Diz Ferrand a Alphonse, ou talvez Truffaut a Léaud, que pessoas como eles só nos filmes podem ser felizes. Um hino ao cinema.

terça-feira, 6 de abril de 2010

As Cenas - Carne Trémula

Carne Trémula, de Pedro Almodóvar.



















Quer se goste ou não do cinema de Pedro Almodóvar, tenho para mim que poucos serão os que conseguem não levar consigo pedaços do mesmo. Foi a certeza a que cheguei quando, ao ver Carne Trémula, me deparei com esta cena sexual.

Envolta em desejo, tema central na obra do cineasta espanhol, começa de forma lindíssima com o movimento harmonioso dos corpos, cresce em tensão e intensidade até se tornarem um só.
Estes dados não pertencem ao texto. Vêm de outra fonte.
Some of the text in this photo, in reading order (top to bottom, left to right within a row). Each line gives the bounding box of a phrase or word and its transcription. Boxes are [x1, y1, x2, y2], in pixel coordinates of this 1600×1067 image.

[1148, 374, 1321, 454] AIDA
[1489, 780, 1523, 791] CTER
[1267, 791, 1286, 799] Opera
E é quando passamos de uma das mais belas imagens que Almodóvar já criou para o nascer do sol no céu de Madrid, a nova Madrid que nasce, diferente.

A cena ganhará contornos de catarse para Elena a seguir, quando emerge a culpa, o remorso, a traição.
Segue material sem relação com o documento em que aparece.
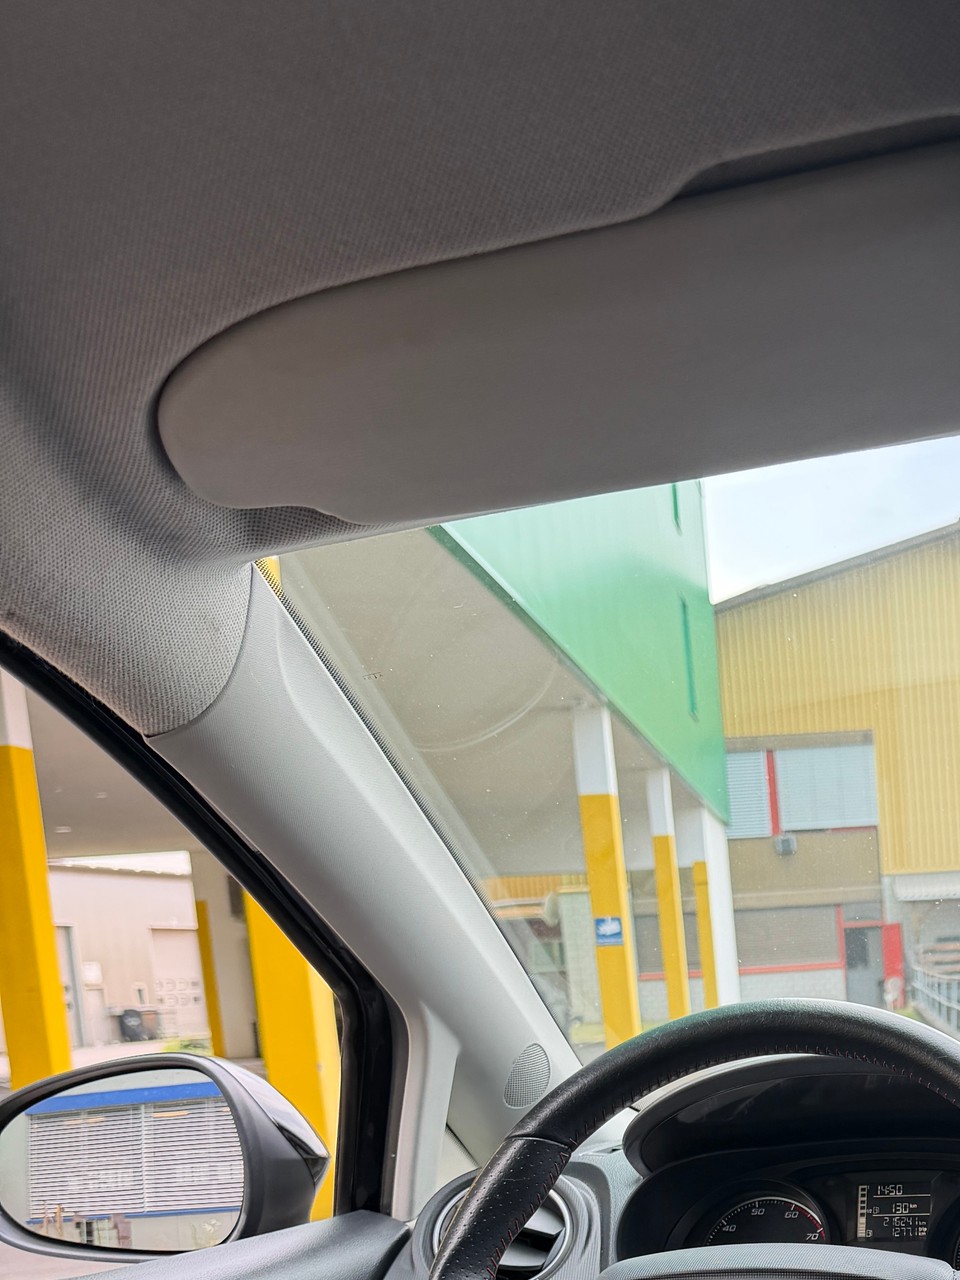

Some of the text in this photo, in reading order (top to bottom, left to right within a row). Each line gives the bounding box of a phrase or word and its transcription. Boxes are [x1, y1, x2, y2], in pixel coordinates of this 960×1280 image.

A escolha musical é mais uma vez irrepreensível, com o intenso e sofrido “Somos” da mexicana Chavela Vargas.

Carne Trémula é também um filme politizado, com imensas camadas que remetem para a transformação social do pós-franquismo, e constitui a maior das tentativas de Almodóvar para fechar de vez o fosso entre a Espanha de Franco e a Espanha moderna, a Espanha dos Jogos Olímpicos, a Espanha da cosmopolita Madrid, a Espanha... de Almodóvar.

sábado, 3 de abril de 2010

Le Feu Follet

Le Feu Follet, de Louis Malle.



















Desde o primeiro shot que Louis Malle nos faz mergulhar na complexidade da personagem de Alain Leroy, magnificamente interpretada por Maurice Ronet, com um close-up num olhar que transparece insegurança.

Alain Leroy é um antigo dandy parisiense que se perdeu nas malhas do alcoolismo, viu a sua mulher afastar-se dele por esse motivo e internou-se numa clínica para recuperação.

Alain Leroy está recuperado, mas não vê motivos para se voltar a integrar na sociedade. E assim começa uma das mais magníficas obras existencialistas que a tela já conheceu.

Malle viaja com Alain pelos dias que o separam do destino que ele próprio traçou, marcados por encontros que falham em oferecer soluções e por ritmos a que Alain não se consegue ajustar. Afinal, tudo correrá igual sem ele.

O subtil trabalho de câmara parece ser o único a entender o desespero de Alain, pontuado pelas composições oníricas e minimalistas de Erik Satie.

É o retrato intimista, com frequentes close-ups, de um homem que talvez seja o melhor que o cinema conseguiu retirar do espírito da filosofia e literatura existencialista, bem patente nas últimas palavras que escreveu.
É um estudo de personagem que não nos chega a revelar se os últimos dias de Alain foram um adeus ao imenso vazio do mundo ou a última tentativa de estabelecer com ele uma relação.
“Il n'y a qu'un problème philosophique vraiment sérieux: c'est le suicide. Juger que la vie vaut ou ne vaut pas la peine d'être vécue, c'est répondre à la question fondamentale de la philosophie.”